Today, the Hospital Employees’ Union joins labour allies and communities across the country to mark the National Day of Mourning for workers killed, injured or disabled on the job, and for those who have died from work-related incidents or occupational disease.
“On this day, we not only recognize workers injured or killed on the job, but we also reaffirm our commitment to hold employers to account for ensuring safe, healthy workplaces,” says HEU secretary-business manager Jennifer Whiteside.
“Health care continues to have the highest workplace injury rate of all sectors in this province,” adds Whiteside. “And care aides – particularly those working in long-term care sites – are even more vulnerable to injuries and exposure to violence on the job.”
WorkSafeBC reports, “The top three incident types – assaults, hitting, and bodily reactions/exertions – account for 70 per cent of all acts of workplace violence within the Health Care and Social Services subsector.”
The health sector injury rate is one and a half times higher than all B.C. workplaces combined (measured in accepted claims for every 100 person years worked).

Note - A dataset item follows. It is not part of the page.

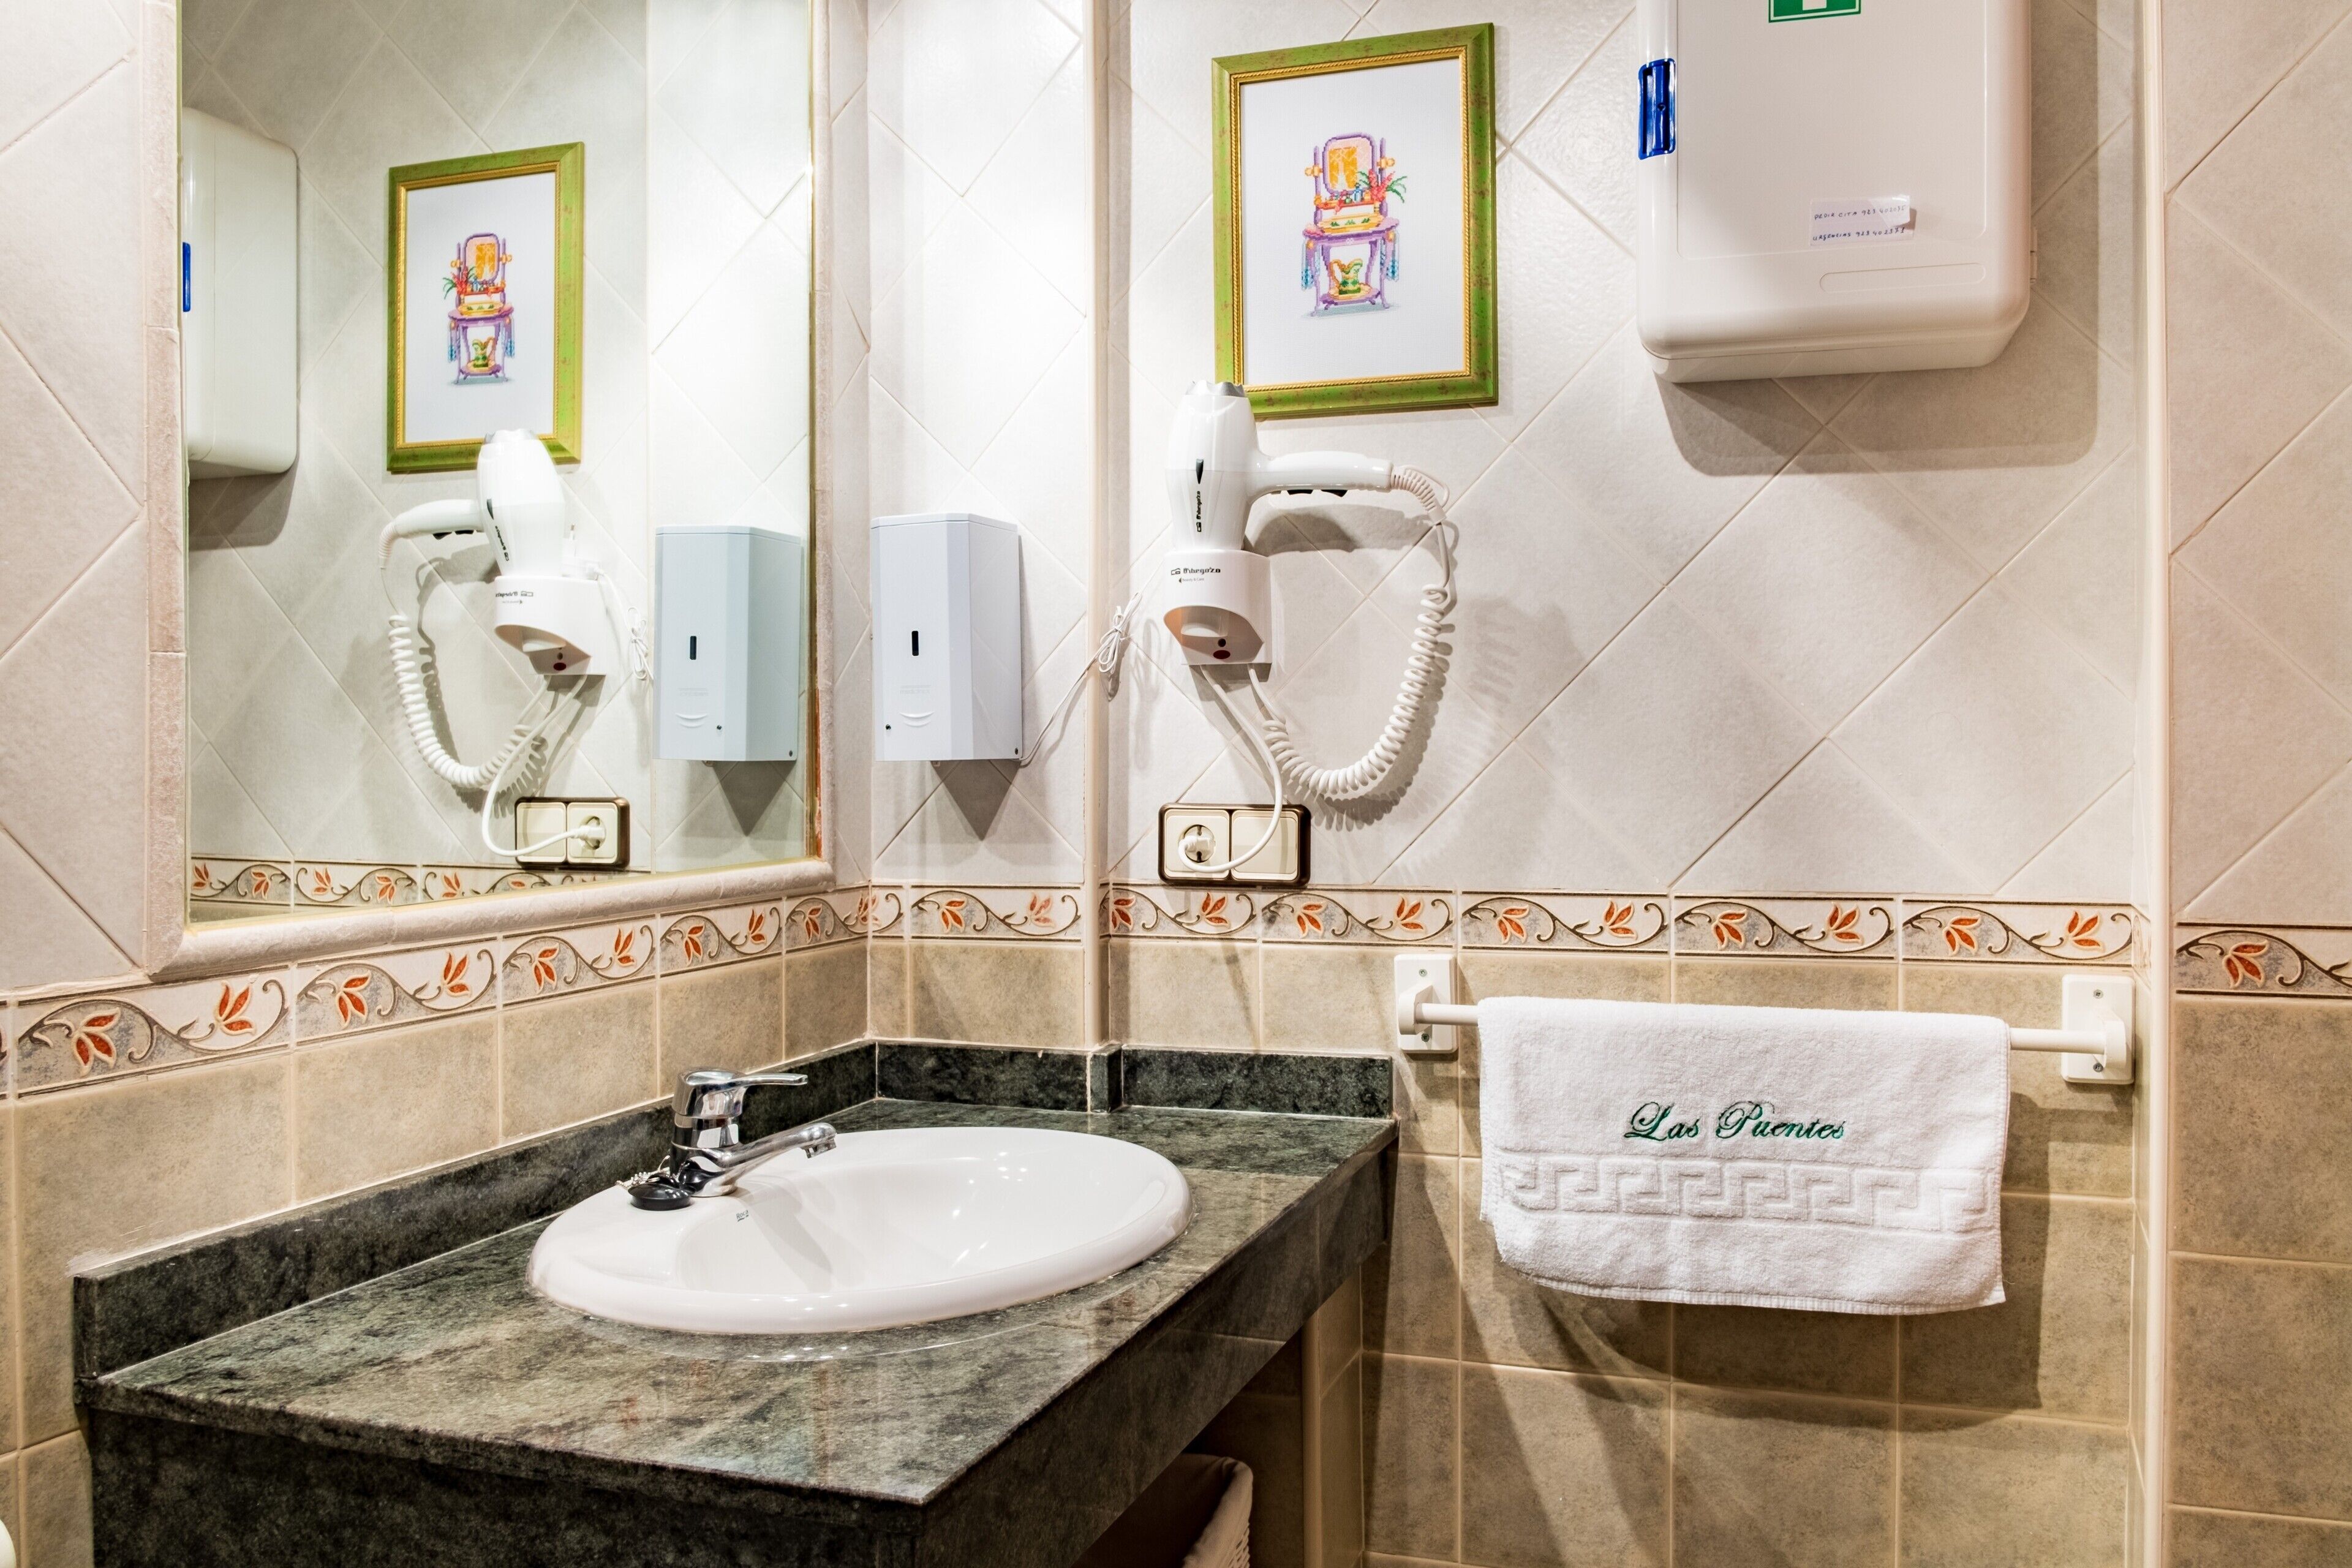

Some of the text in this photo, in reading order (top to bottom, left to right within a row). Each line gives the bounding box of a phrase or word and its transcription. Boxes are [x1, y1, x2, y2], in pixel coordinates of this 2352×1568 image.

In long-term care facilities, the rate is more than four times higher.
From 2006 to 2015, sixty-one per cent of violence-related injury claims came from the health care sector, and women accounted for 80 per cent of those claims. Forty-one per cent were made by care aides – more than any other group in health care.

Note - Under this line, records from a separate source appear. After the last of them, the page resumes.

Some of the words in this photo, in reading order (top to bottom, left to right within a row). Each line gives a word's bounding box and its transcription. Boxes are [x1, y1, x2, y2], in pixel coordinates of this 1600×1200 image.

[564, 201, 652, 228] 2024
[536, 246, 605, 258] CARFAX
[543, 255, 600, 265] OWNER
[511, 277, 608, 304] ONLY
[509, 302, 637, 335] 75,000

According to WorkSafeBC’s October 2016 statistics, there were 145,803 workers injured on the job; 2,970 occupational disease claims, and 122 workers who died because of a workplace incident in 2015.
The National Day of Mourning was officially recognized by the federal government in 1991, eight years after the day of remembrance was launched by the Canadian Labour Congress. The Day of Mourning has since spread to about 80 countries around the world.